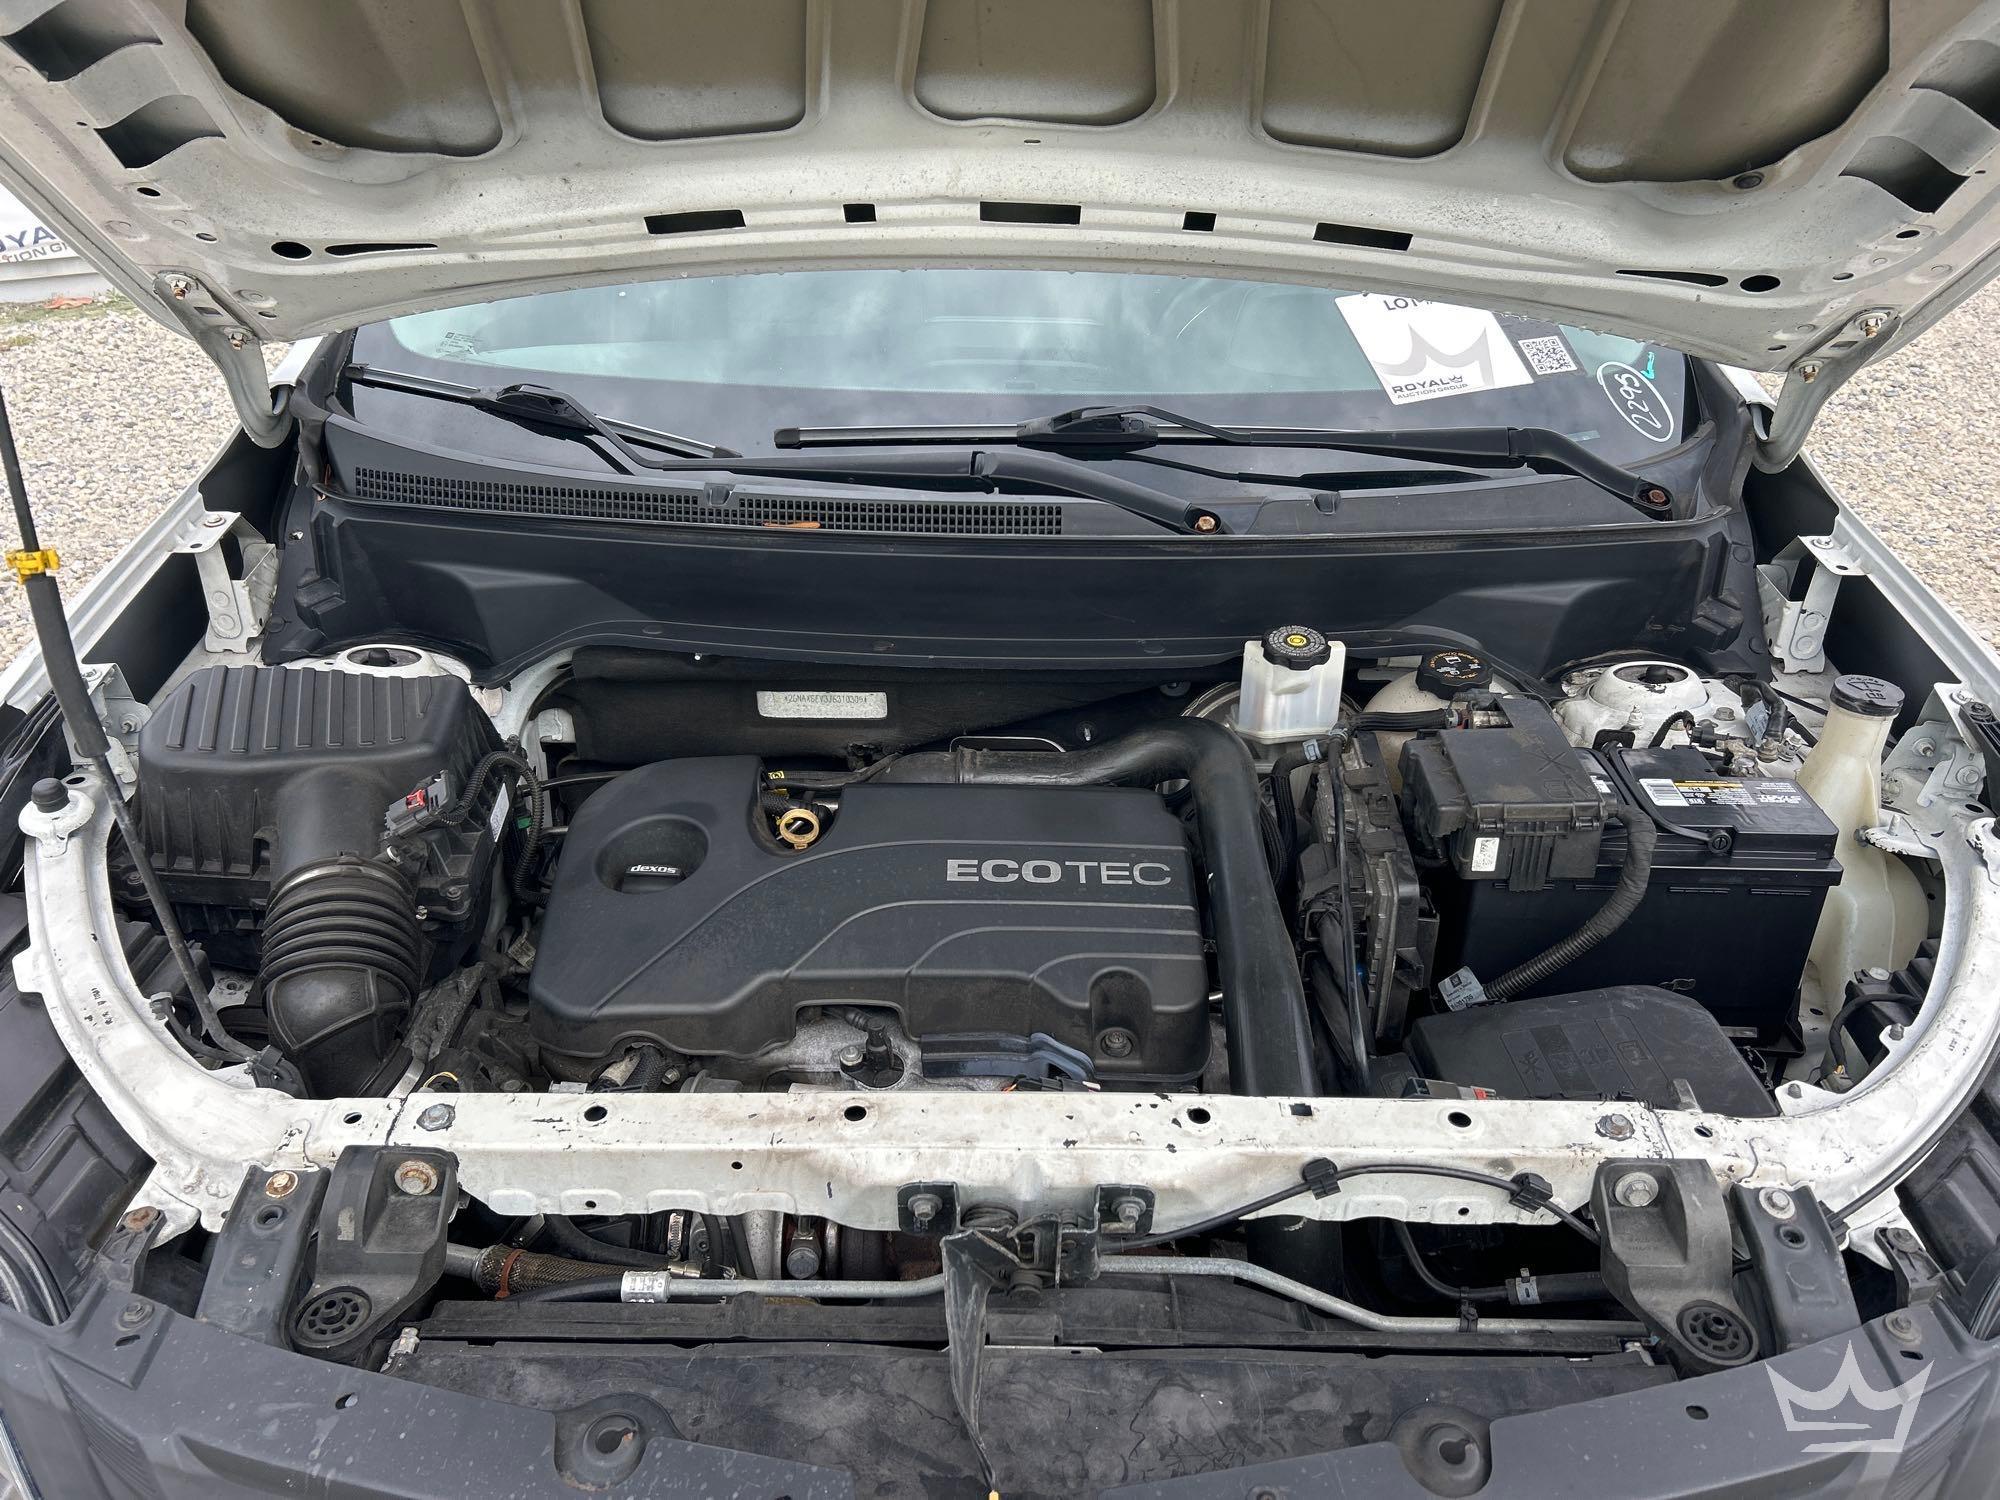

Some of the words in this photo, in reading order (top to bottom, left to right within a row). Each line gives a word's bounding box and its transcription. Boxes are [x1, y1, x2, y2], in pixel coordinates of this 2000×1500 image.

[1392, 378, 1450, 394] ROYAL
[1397, 389, 1437, 399] AUCTION
[1437, 383, 1469, 393] GROUP
[1614, 373, 1662, 429] 2295
[630, 864, 679, 874] dexos
[946, 859, 1172, 886] ECOTEC
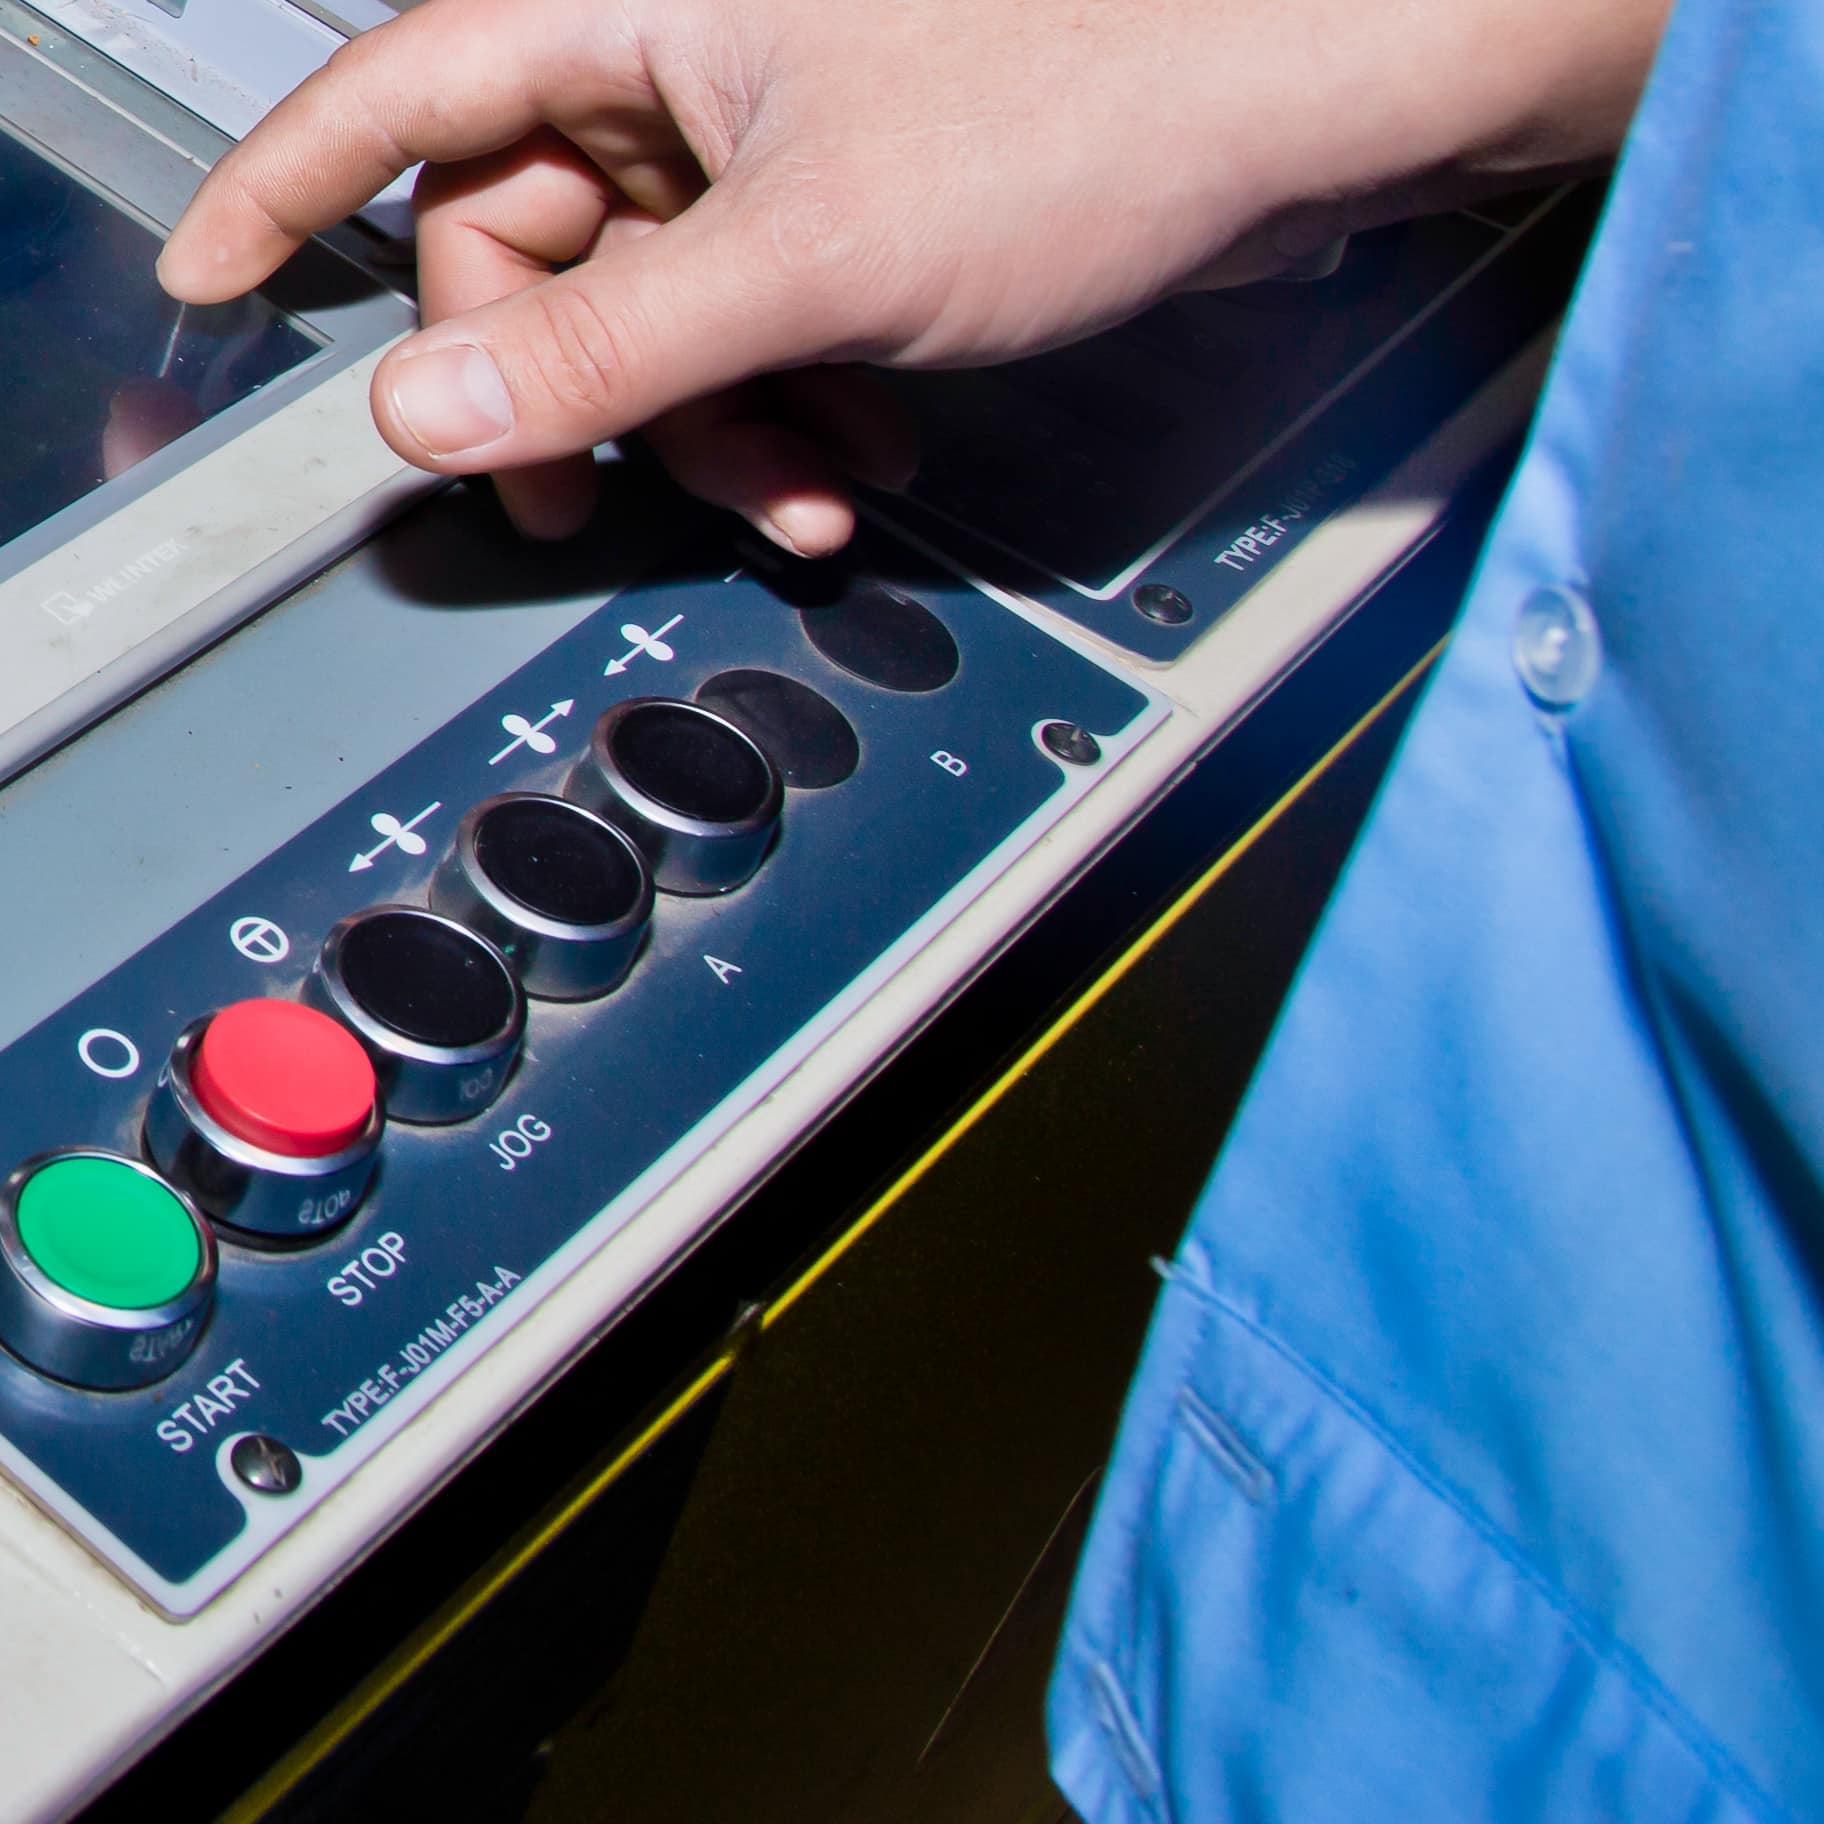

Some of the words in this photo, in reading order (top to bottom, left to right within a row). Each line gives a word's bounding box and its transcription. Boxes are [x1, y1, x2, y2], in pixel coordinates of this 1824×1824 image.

[930, 749, 968, 778] B
[703, 952, 742, 984] A
[489, 1113, 552, 1171] JOG
[326, 1230, 406, 1307] STOP
[156, 1357, 260, 1453] START
- - - - - - -
Without the pictures, return the records above exactly as written.

Some of the words in this photo, in reading order (top to bottom, left to right within a row). Each line gives a word's bounding box and its transcription. Boxes are [x1, y1, x2, y2], in pixel coordinates of this 2000×1500 image.

[1392, 378, 1450, 394] ROYAL
[1397, 389, 1437, 399] AUCTION
[1437, 383, 1469, 393] GROUP
[1614, 373, 1662, 429] 2295
[630, 864, 679, 874] dexos
[946, 859, 1172, 886] ECOTEC

Some of the words in this photo, in reading order (top to bottom, left to right within a row). Each line gives a word's bounding box and its transcription. Boxes are [x1, y1, x2, y2], in pixel coordinates of this 1824×1824 image.

[930, 749, 968, 778] B
[703, 952, 742, 984] A
[489, 1113, 552, 1171] JOG
[326, 1230, 406, 1307] STOP
[156, 1357, 260, 1453] START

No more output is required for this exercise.